Según datos oficiales, la evolución de los indicadores ha sido la siguiente: en 1954, aproximadamente el 65% del empleo se encontraba en la agricultura, y el sector representaba el 34 % del PIB. Para 1974, la participación había disminuido al 49 % del empleo y al 24 % del PIB.
En el año 2000, el sector agropecuario contribuía con el 31 % del empleo y al 15.4 % del PIB. Los datos de 2024 indican un aporte del 27 % al empleo y del 6.5 % al PIB.
De manera similar, el porcentaje de la población rural con respecto a la población total ha seguido una tendencia descendente. En 1960, el 66 % era rural; en 1980, este porcentaje se redujo al 53 %. Para el año 2000, la población rural representaba el 40 %, y en 2024, el 37 %.
Sin embargo, esto no constituye un argumento válido para justificar su pérdida de representatividad y poder político, ya que esta evolución es un proceso inherente al desarrollo que ocurre en todos los países.
Diferente es la situación de las asociaciones de exportadores y agroindustriales, que cuentan con organizaciones fuertes que defienden sus intereses. Esto debe seguir apoyándose y fortaleciéndose, ya que es importante para el crecimiento del país.
No obstante, es fundamental equilibrar la cancha, promoviendo la institucionalidad de los gremios de pequeños y medianos productores.
Para avanzar en este sentido, no es suficiente los incentivos externos. Son los propios agricultores quienes deben asumir un rol activo para salir de una cultura del paternalismo hacia una orientada a la productividad y la competitividad, que garanticen su bienestar dentro de la lógica del mercado.
En el ámbito económico, es necesario promover enmiendas constitucionales que habiliten mecanismos de parafiscalidad, permitiendo así a los gremios de productores dotarse de recursos propios para autofinanciarse inversiones orientadas a su desarrollo.
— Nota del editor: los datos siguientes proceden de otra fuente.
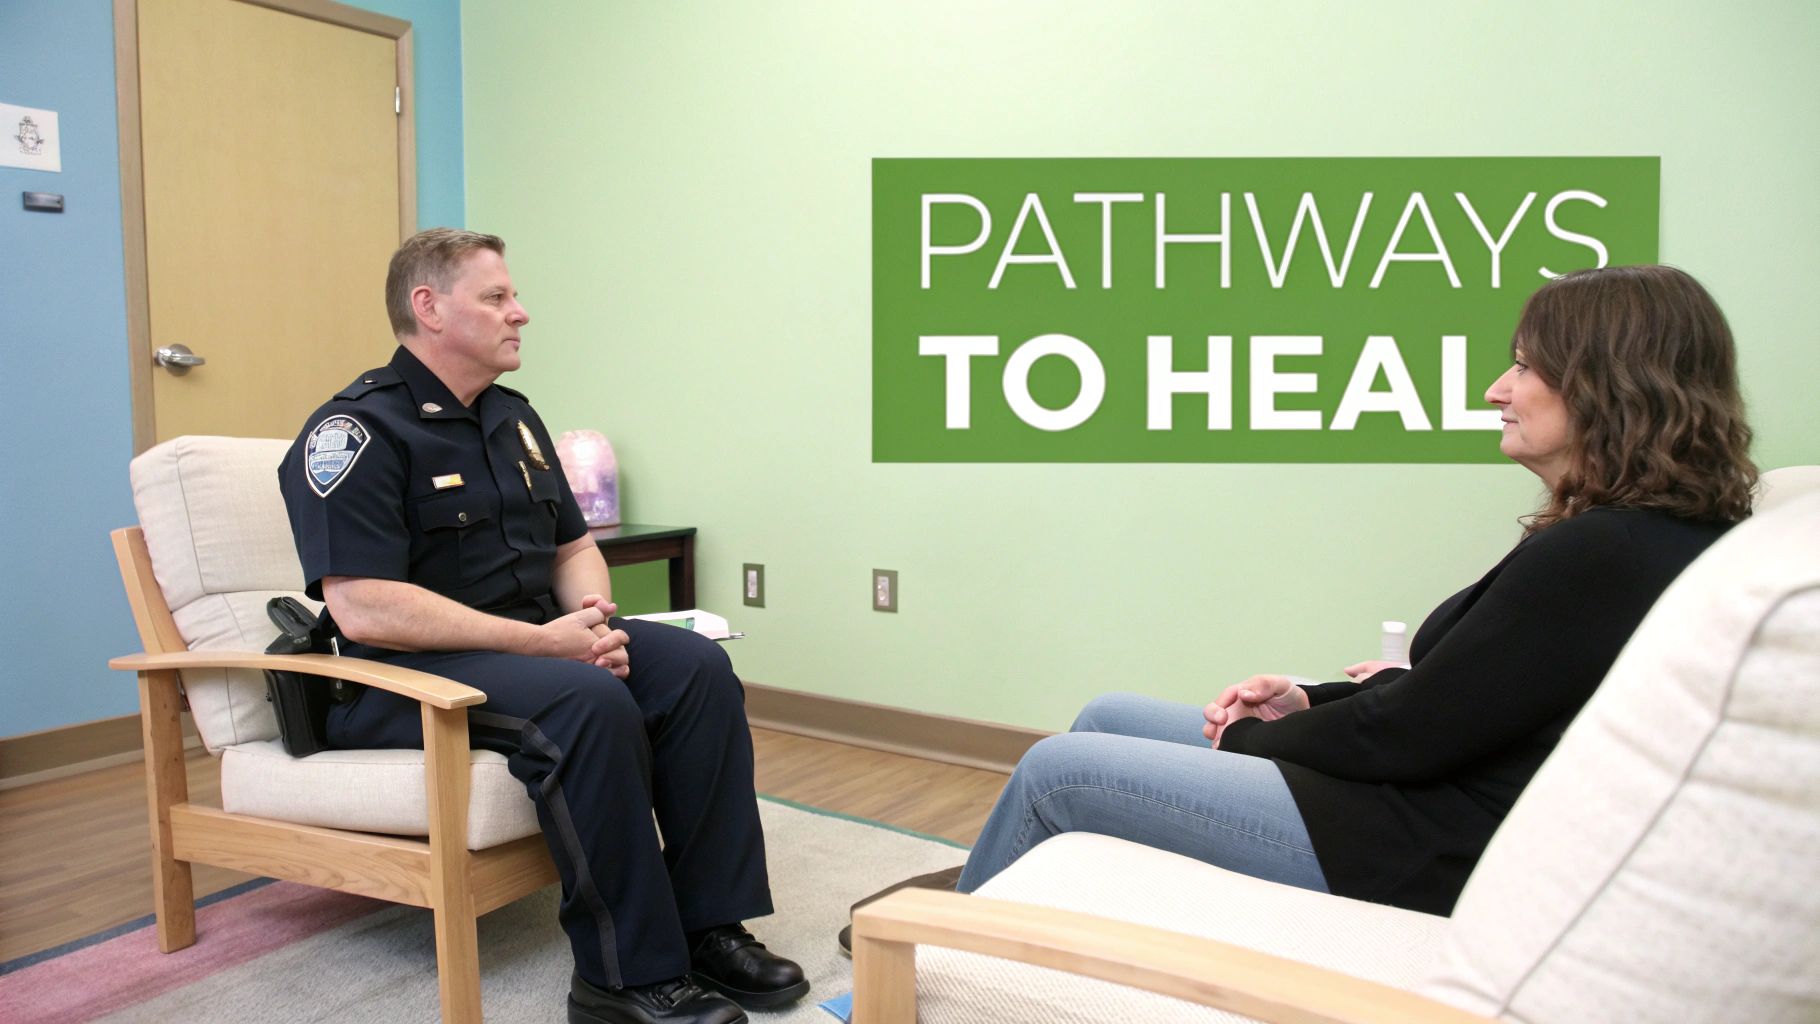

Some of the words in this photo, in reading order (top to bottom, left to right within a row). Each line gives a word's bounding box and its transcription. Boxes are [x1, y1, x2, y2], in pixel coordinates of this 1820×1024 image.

En el plano político- electoral, es fundamental que elijan representantes que defiendan sus intereses y que tengan conocimiento sobre las particularidades del sector.
Asimismo, parte de esa pérdida de la “voz del agro” también recae en los propios agricultores, quienes durante años han adoptado una postura pasiva, esperando soluciones del Estado y permaneciendo atrapados en una cultura de dependencia y paternalismo.
Esta actitud ha debilitado su capacidad de organización, de incidencia política, su poder de negociación y de exigencia ante las autoridades. La falta de unidad, visión compartida y liderazgo ha permitido que otros ocupen el espacio que les corresponde.

Por lo tanto, el silencio de la voz del agro no solo ha sido impuesta desde afuera, sino también permitida por la falta de acción interna de los propios productores.